*GIVEN RECORDS*:
▬▬▬▬▬▬▬▬▬▬
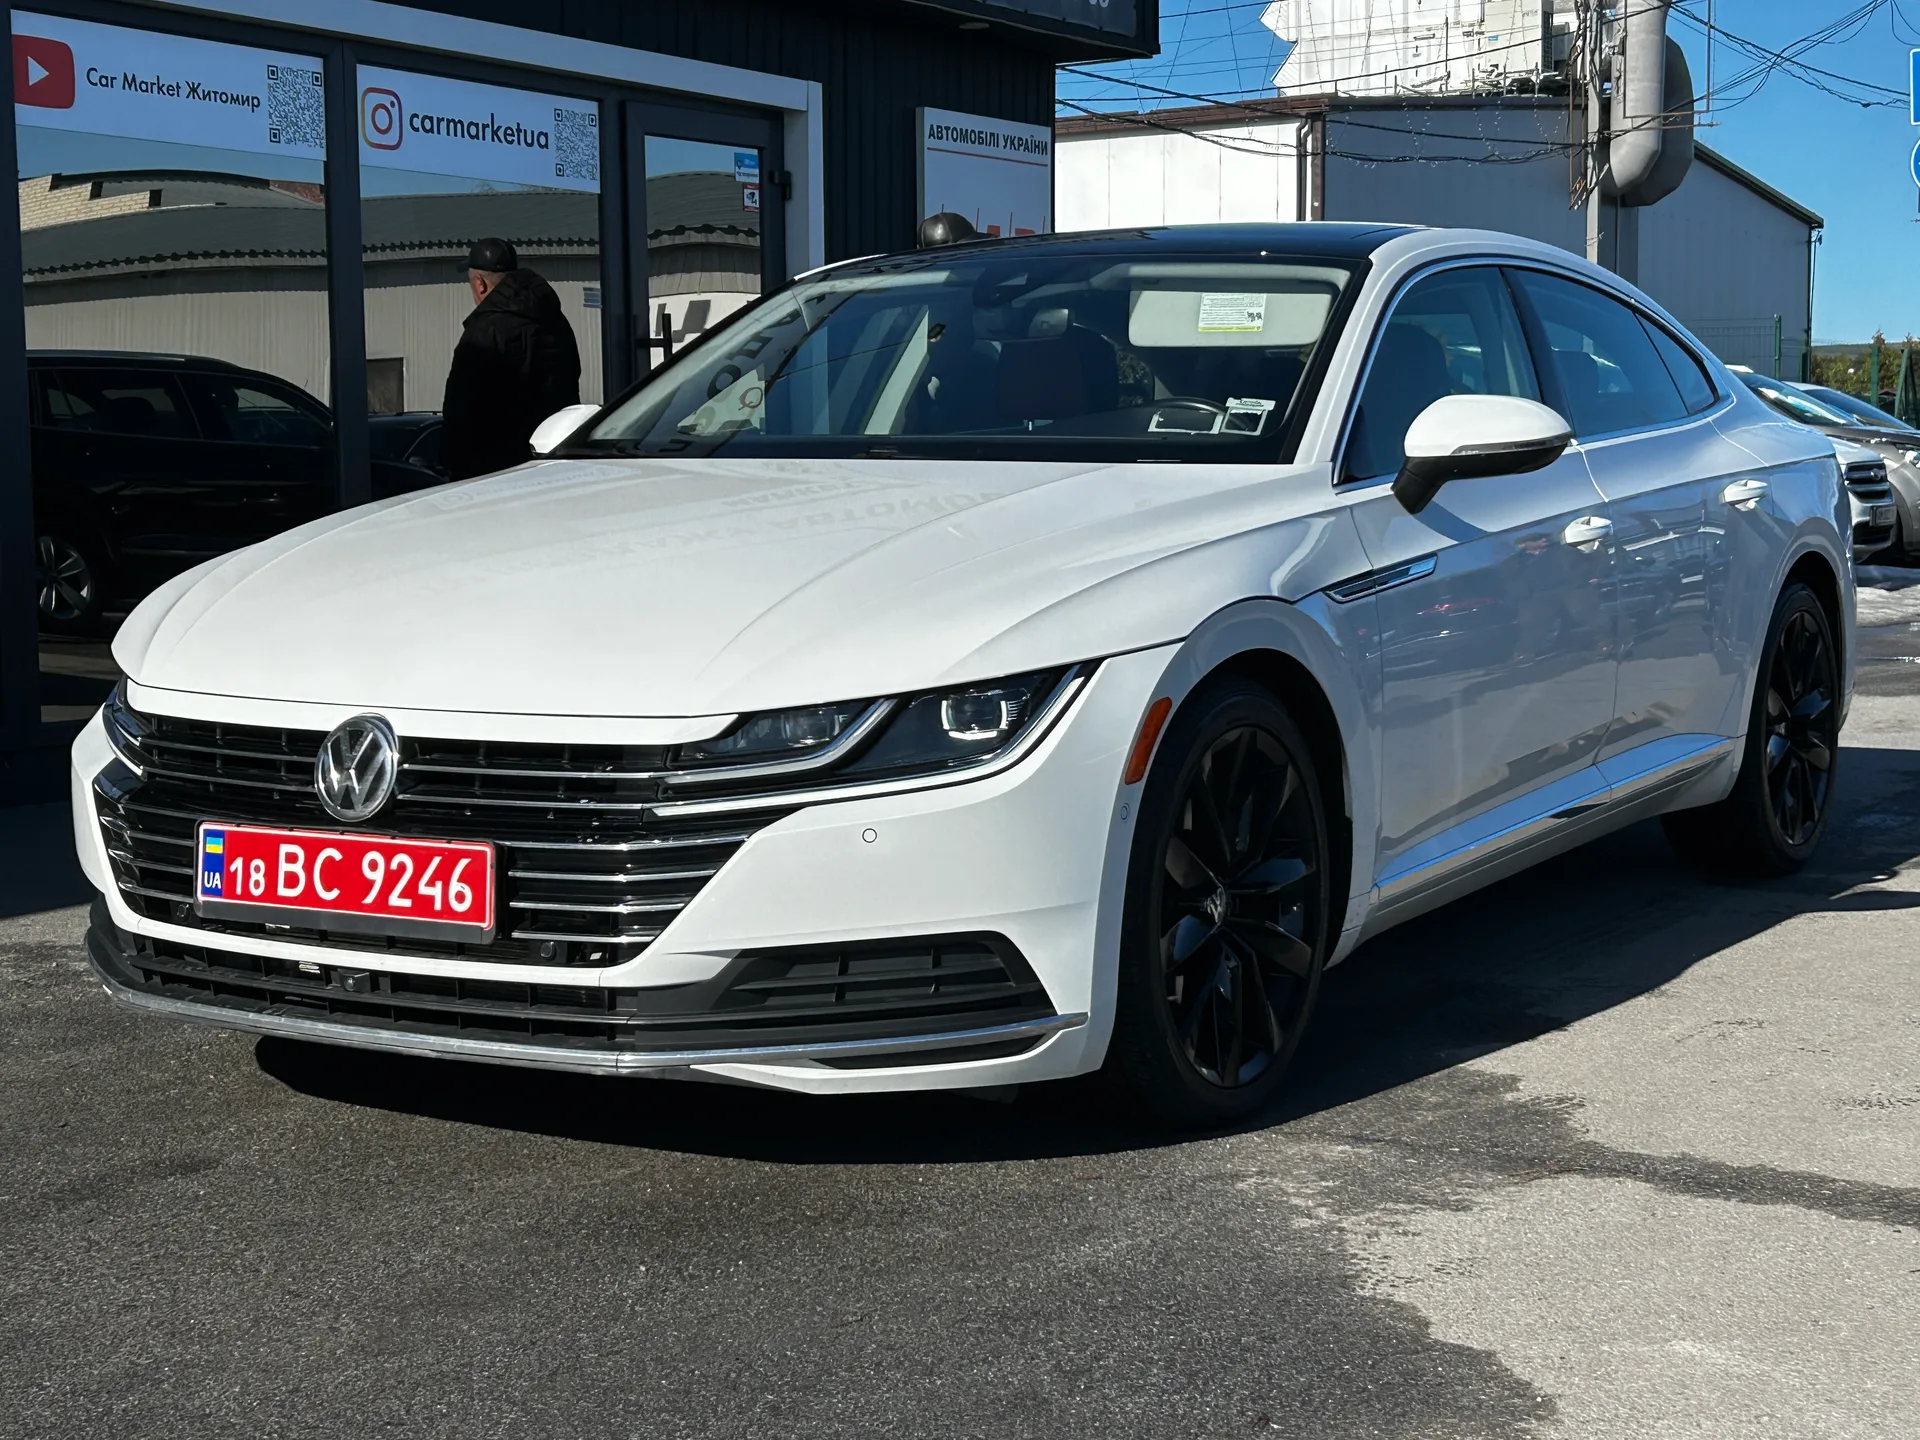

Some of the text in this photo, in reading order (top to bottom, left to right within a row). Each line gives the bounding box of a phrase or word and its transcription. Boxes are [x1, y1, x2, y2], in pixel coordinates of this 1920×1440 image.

[86, 67, 261, 113] Car Market Житомир
[409, 112, 549, 150] carmarketua
[929, 124, 1048, 156] АВТОМОБІЛІ УКРАЇНИ
[204, 872, 222, 889] UA
[229, 843, 473, 913] 18 BC 9246
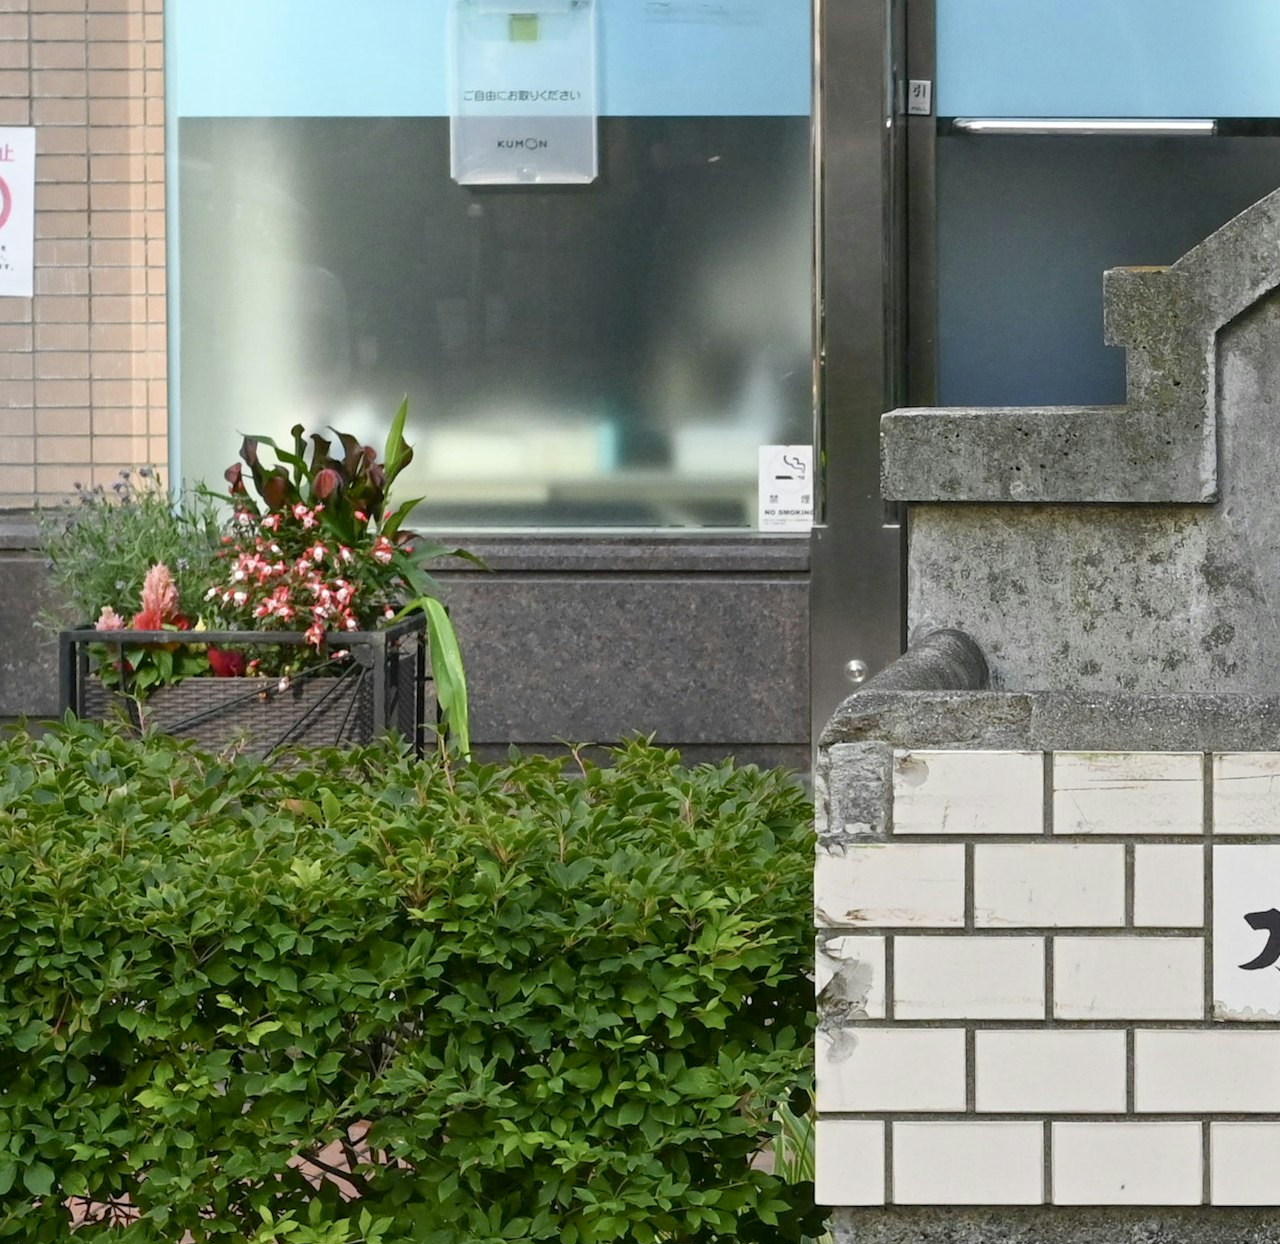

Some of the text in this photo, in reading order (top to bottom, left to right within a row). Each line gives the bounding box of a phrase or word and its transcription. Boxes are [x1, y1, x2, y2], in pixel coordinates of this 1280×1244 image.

[463, 90, 581, 102] ご自由にお取りください
[497, 138, 548, 150] KUMON
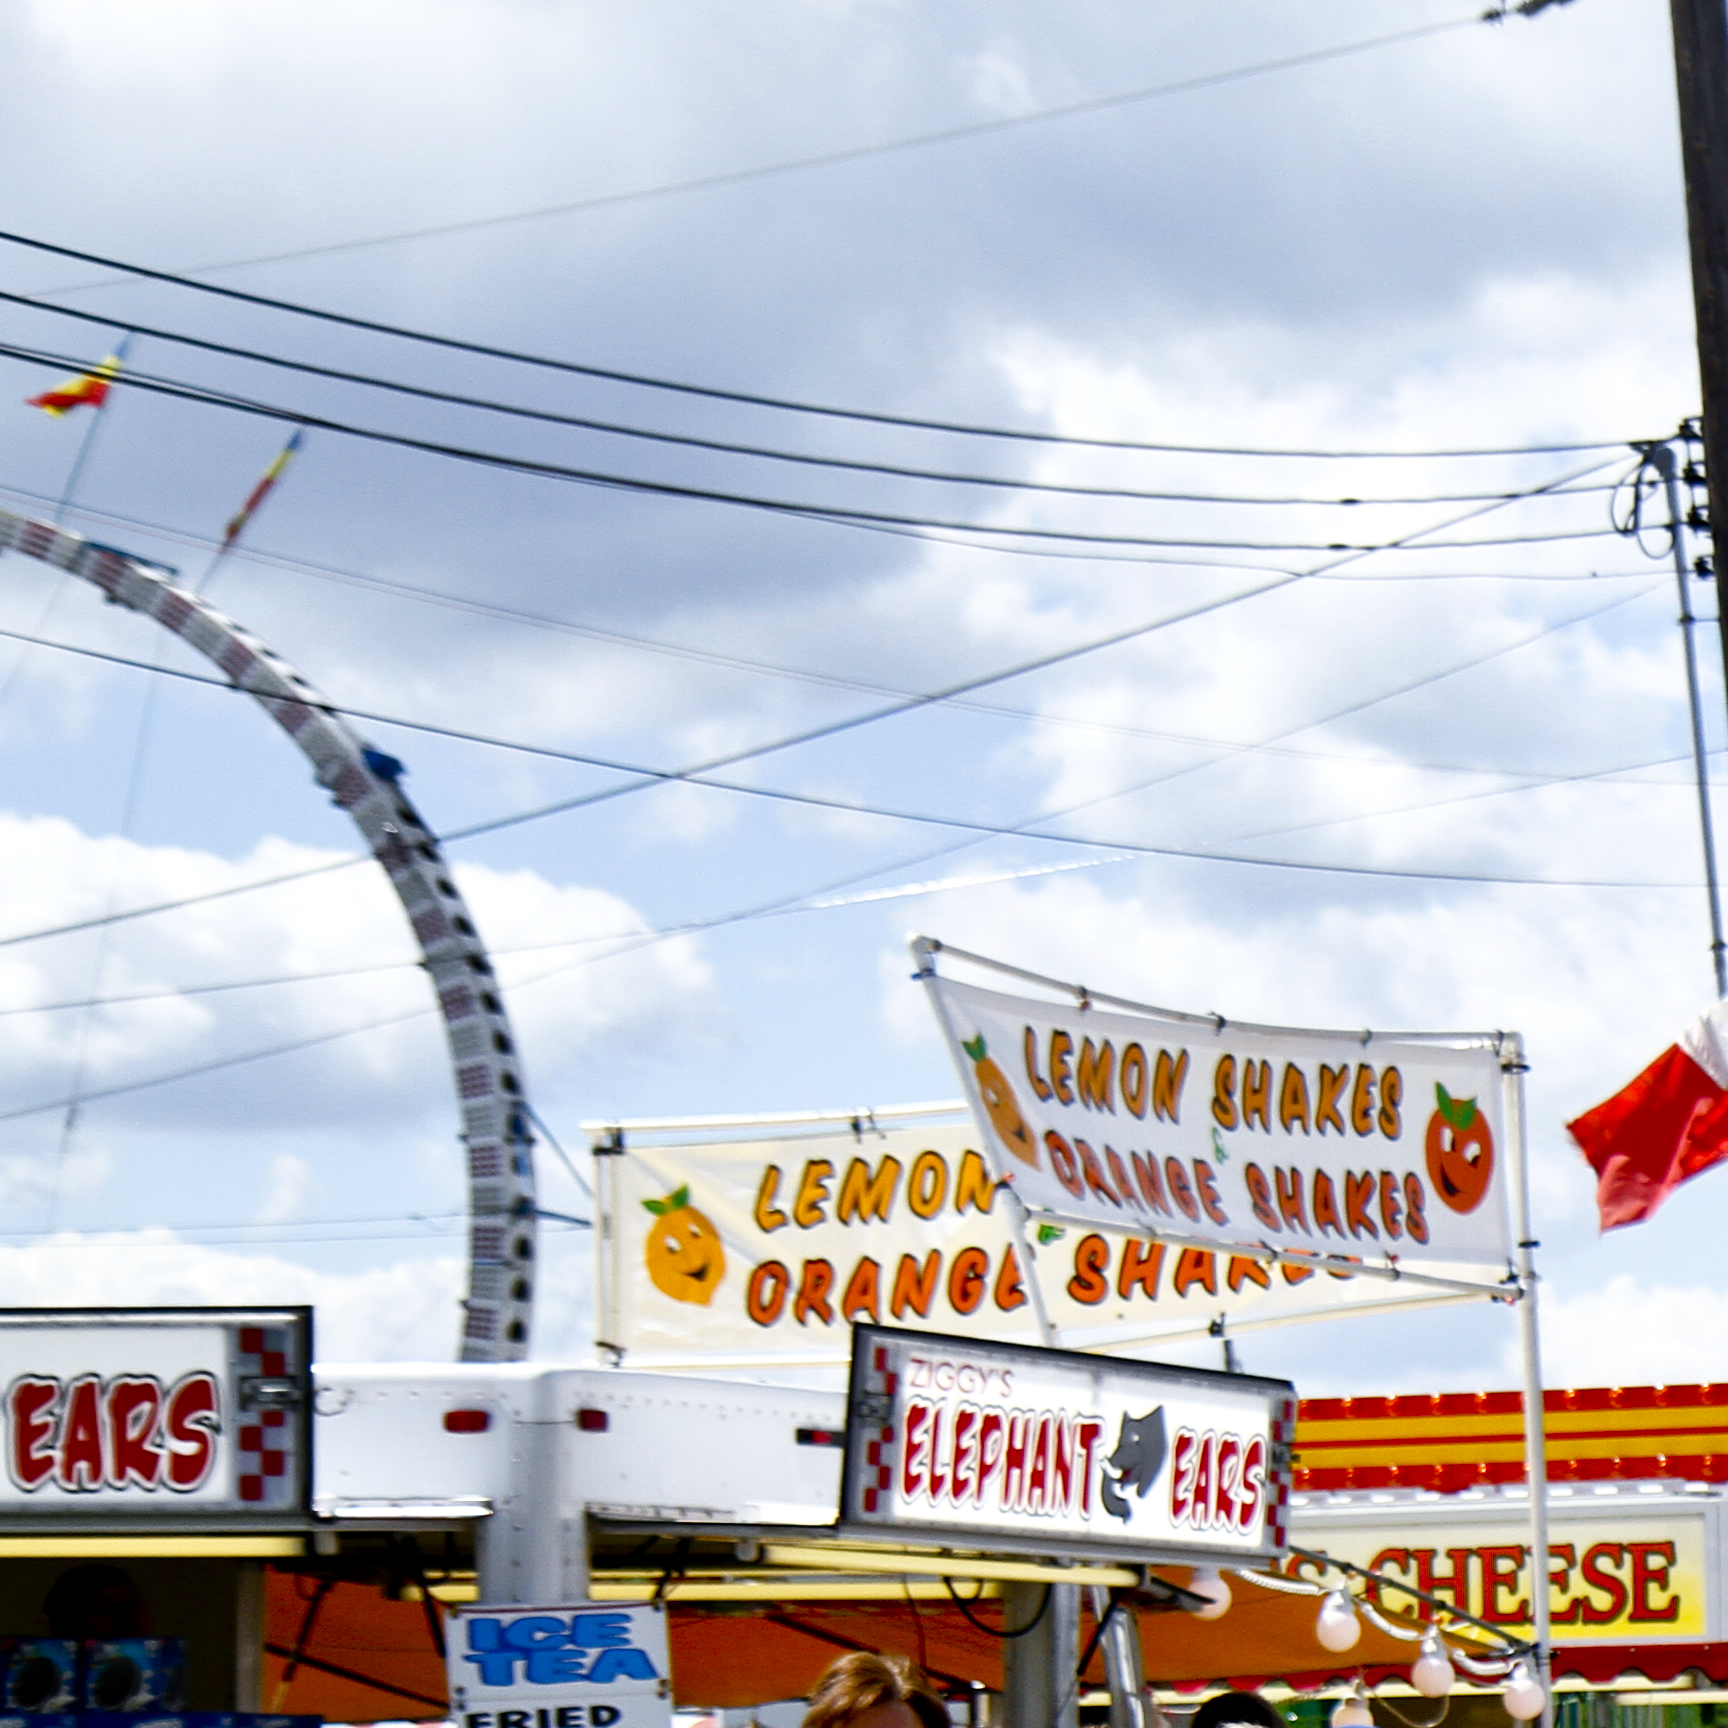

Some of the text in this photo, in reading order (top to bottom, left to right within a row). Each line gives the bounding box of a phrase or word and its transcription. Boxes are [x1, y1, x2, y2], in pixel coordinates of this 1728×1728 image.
▬▬▬▬▬▬▬▬▬▬
*WORK TO BE COMPLETED*:
Pictures aside, reproduce all of the data exactly.

*ANSWER TO THE PROBLEM*:
Some of the text in this photo, in reading order (top to bottom, left to right within a row). Each line gives the bounding box of a phrase or word and its transcription. Boxes are [x1, y1, x2, y2], in pixel coordinates of this 1920×1440 image.

[86, 67, 261, 113] Car Market Житомир
[409, 112, 549, 150] carmarketua
[929, 124, 1048, 156] АВТОМОБІЛІ УКРАЇНИ
[204, 872, 222, 889] UA
[229, 843, 473, 913] 18 BC 9246

Some of the text in this photo, in reading order (top to bottom, left to right within a row). Each line gives the bounding box of a phrase or word and its transcription. Boxes are [x1, y1, x2, y2], in pixel coordinates of this 1280×1244 image.

[463, 90, 581, 102] ご自由にお取りください
[497, 138, 548, 150] KUMON

Some of the text in this photo, in reading order (top to bottom, left to right within a row). Each line gives the bounding box of a phrase or word and its transcription. Boxes are [x1, y1, x2, y2], in pixel coordinates of this 1728×1728 image.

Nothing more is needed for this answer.